# bremze



## luciusvettius

W książce Clauda Lanzmanna "Szoah" jeden z bohaterów opowiada o Treblince:

*Puis c'était l'ouverture des portes et ça recommençait!
«Bremze, bremze, bremze.»
« Shipshe, shipshe, shipshe » ...
je n'arrive pas à le prononcer
à cause de mon dentier. C'est du polonais:
bremze ou shipshe .
Que signifie bremze?
C'est une expression ukrainienne: «Vite, vite !»*

Czy w języku polskim jest takie słowo - "bremze"?


----------



## dreamlike

Nie, w języku polskim takie słowo nie występuje. W ostatnim zdaniu znajduje się wyjaśnienie z jakiego języka ów zwrot pochodzi i co oznacza.....


----------



## DW

All my life, I have never heard it used in the Polish language.
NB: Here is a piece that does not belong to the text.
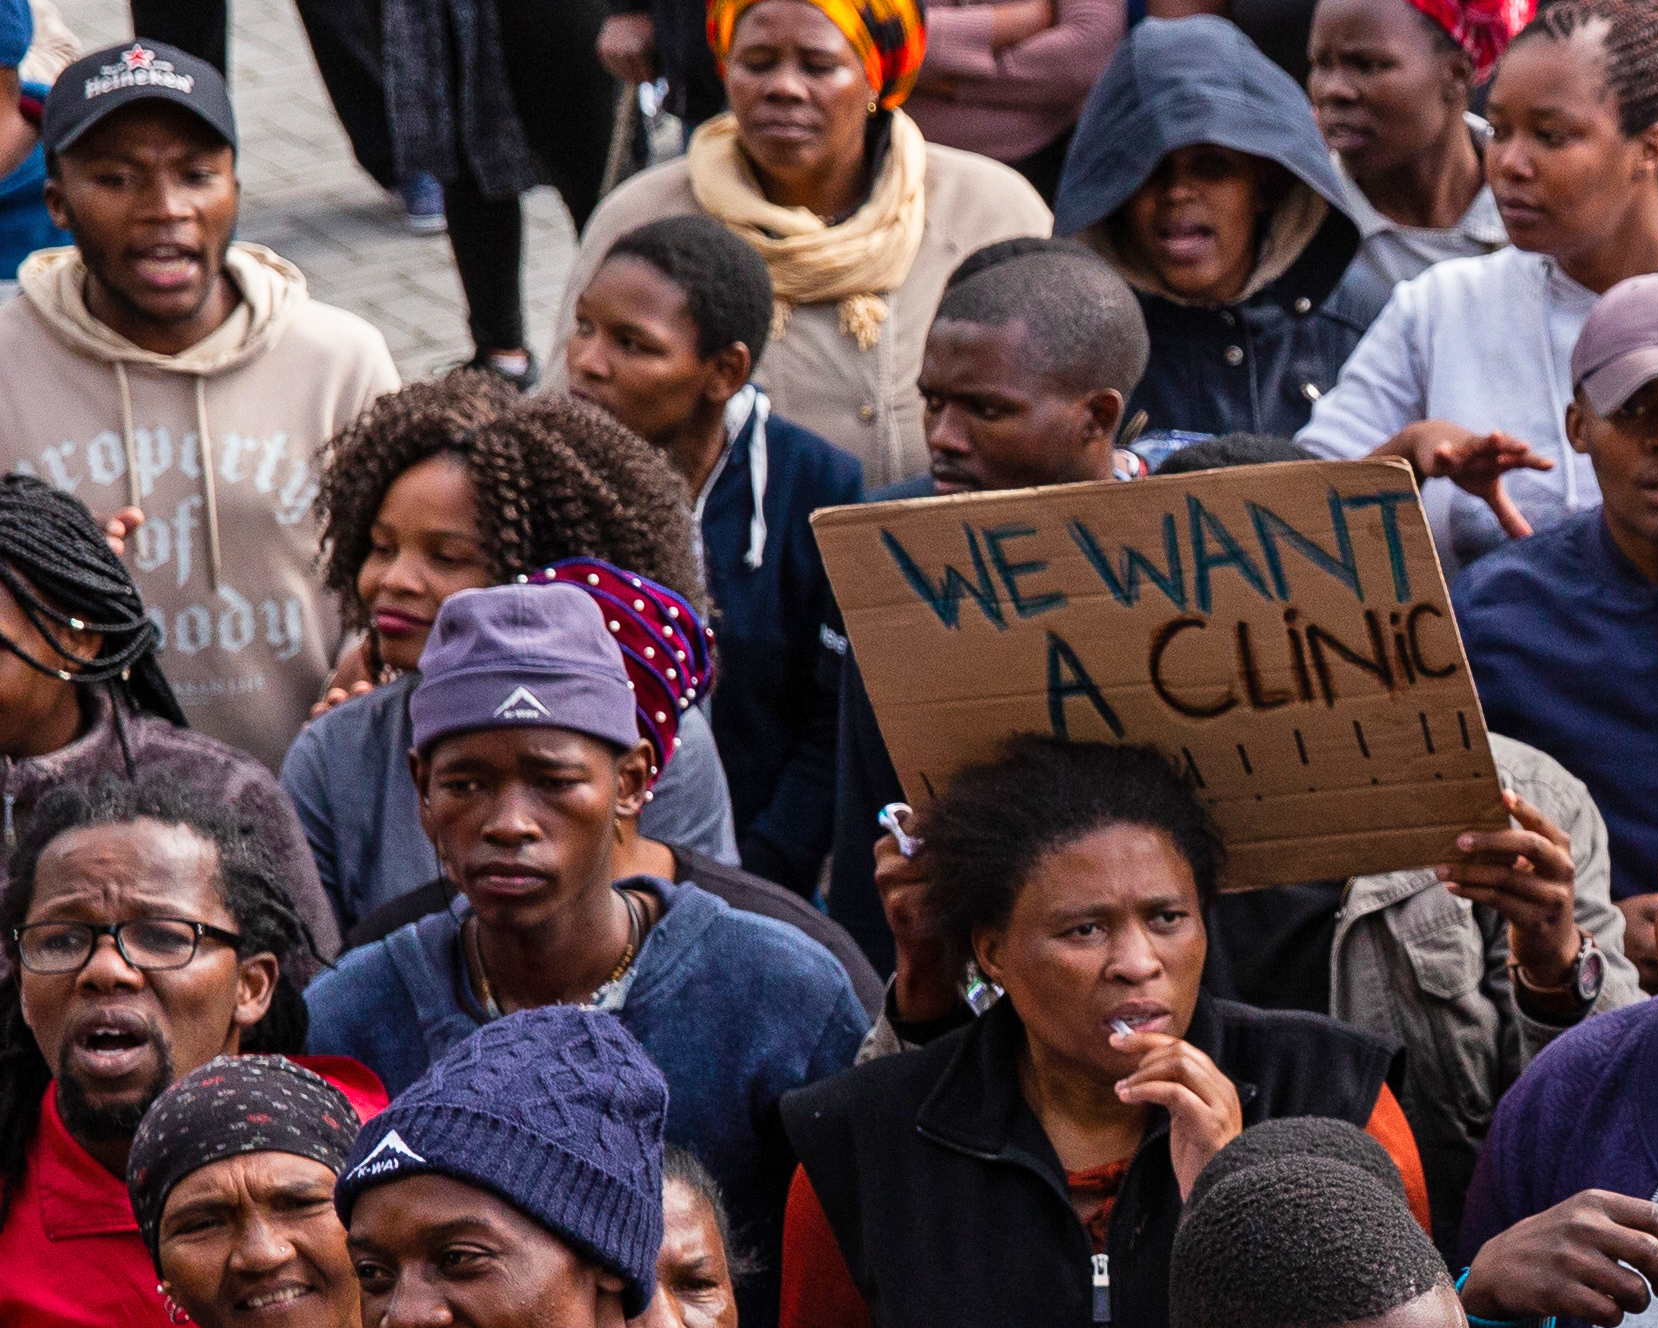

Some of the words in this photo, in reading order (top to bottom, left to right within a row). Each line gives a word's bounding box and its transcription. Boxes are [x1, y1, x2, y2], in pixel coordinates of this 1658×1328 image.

[135, 496, 203, 588] of
[880, 521, 1065, 631] WE
[1068, 488, 1416, 615] WANT
[1046, 631, 1126, 741] A
I did some research for you and here's what I've gotten -- it seems like _bremza_ is a verb which means _(to) brake_ and _bremz_ is a noun with the meaning of a _brake;_ they're both used in Vilamovian, that is an endangered micro-language actively used in the small Polish town of Wilamowice by no more than 100 native users. I don't know their conjugation/declension but maybe _bremze_ could have something to do with those two.


----------



## luciusvettius

Thank you so much! It's a German who says this word. I thought he may have misquoted a Polish word, but once you say there is nothing like this in your language... The other word he uses, "*shipshe"*, sounds like a Russian "шибче" (quick). Is there a similar Polish word? And could "bremze" be «prędzej»?
Thank you in advance.


----------



## DW

No biggie!  Well, all I've gotten about the _bremze_ is in my previous post, I don't know about any relations between _bremze_ and _prędzej_; if you mean its pronunciation -- no, _bremze_ could not be confused with _prędzej_. Hoo, don't have the foggiest idea about _shipshe_. Never seen/heard it.


----------



## dreamlike

luciusvettius said:


> The other word he uses, "*shipshe"*, sounds like a Russian "шибче" (quick). Is there a similar Polish word?
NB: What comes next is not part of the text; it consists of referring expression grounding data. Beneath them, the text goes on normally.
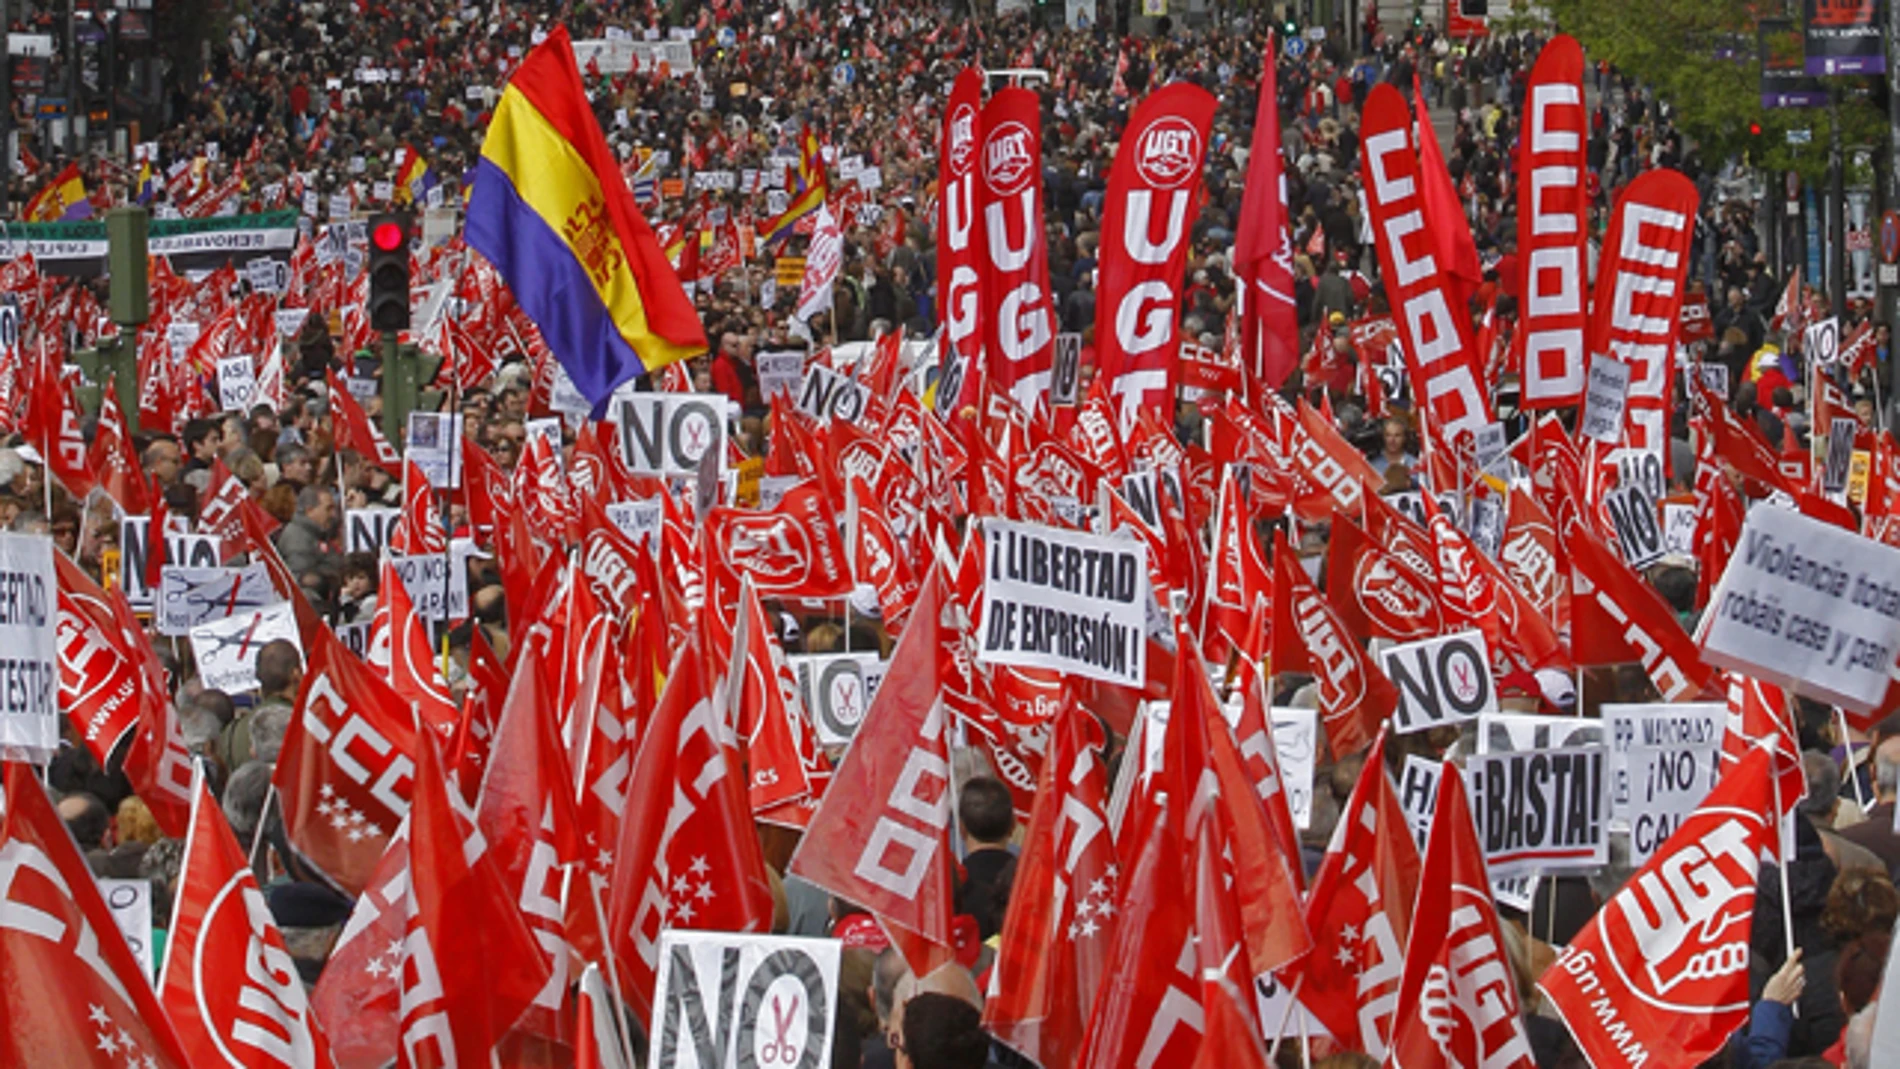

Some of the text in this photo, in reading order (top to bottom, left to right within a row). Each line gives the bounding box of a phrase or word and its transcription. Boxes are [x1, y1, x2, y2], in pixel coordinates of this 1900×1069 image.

[988, 132, 1027, 164] UGT
[1147, 129, 1192, 158] UGT
[1526, 84, 1584, 399] CCOO
[1109, 189, 1191, 445] UGT
[801, 367, 862, 421] NO
[622, 400, 721, 470] NO
[1608, 486, 1659, 561] NO
[1745, 529, 1850, 599] Violencia
[985, 599, 1016, 651] DE
[1386, 638, 1489, 727] NO
[1474, 752, 1601, 853] ¡BASTA!
[1617, 818, 1759, 964] UGT
[660, 943, 827, 1069] NO
It is a bit phonetically similar to the Polish word "szybciej", as mispronounced by foreigners trying to speak Polish.


----------



## DW

dreamlike said:


> It is a bit phonetically similar to the Polish word "szybciej", as mispronounced by foreigners trying to speak Polish.
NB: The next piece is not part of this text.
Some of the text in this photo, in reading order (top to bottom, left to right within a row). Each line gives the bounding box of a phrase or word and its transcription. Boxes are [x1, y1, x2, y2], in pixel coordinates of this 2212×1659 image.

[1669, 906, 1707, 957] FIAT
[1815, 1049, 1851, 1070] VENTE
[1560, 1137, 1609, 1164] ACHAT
To be honest, the same idea did cross my mind but I wasn't too sure and didn't want to post a word or two about it. But maybe indeed there's something to it if you, dreamlike, touched on it.


----------



## luciusvettius

DW said:


> No biggie!  Well, all I've gotten about the _bremze_ is in my previous post, I don't know about any relations between _bremze_ and _prędzej_; if you mean its pronunciation -- no, _bremze_ could not be confused with _prędzej_. Hoo, don't have the foggiest idea about _shipshe_. Never seen/heard it.



Excuse me for taking your time and coming up with such non-competent suggestions.


----------



## luciusvettius

Thank you. It has been helpful. Do you think, too, that _bremze_ can't be confused with _prędzej_ (you pronounce it as _prendzej_)?

I addressed that to *dreamlike*


----------



## dreamlike

luciusvettius said:


> Thank you. It has been helpful. Do you think, too, that _bremze_ can't be confused with _prędzej_ (you pronounce it as _prendzej_)?
> 
> I addressed that to *dreamlike*


I think that, indeed, "bremze" and "shiphshe" might be corrupted versions of, respectively, "prędzej" and "szybciej", as (mis)pronounced by German guards in German Nazi camps. 

We know too little about the text (not to mention that I, for one, don't speak a word of French and have only a vague idea - thanks to Google translator - of what the text says) to state for sure.


----------



## wolfbm1

I have seen that film. I remember a German interviewee quoting Polish words used by guards in Treblinka, which sounded like szybciej and prędzej.
So, bremze is a German way of saying the Polish adjective prędzej in that film.


----------



## Ben Jamin

wolfbm1 said:


> I have seen that film. I remember a German interviewee quoting Polish words used by guards in Treblinka, which sounded like szybciej and prędzej.
> So, bremze is a German way of saying the Polish adjective prędzej in that film.


Note, that German does not distinguish between voiced and unvoiced stops lik *p *and *b*, but between aspirated and not aspirated, so a Polish unaspirated *p *sounds to a German like a *b*.


----------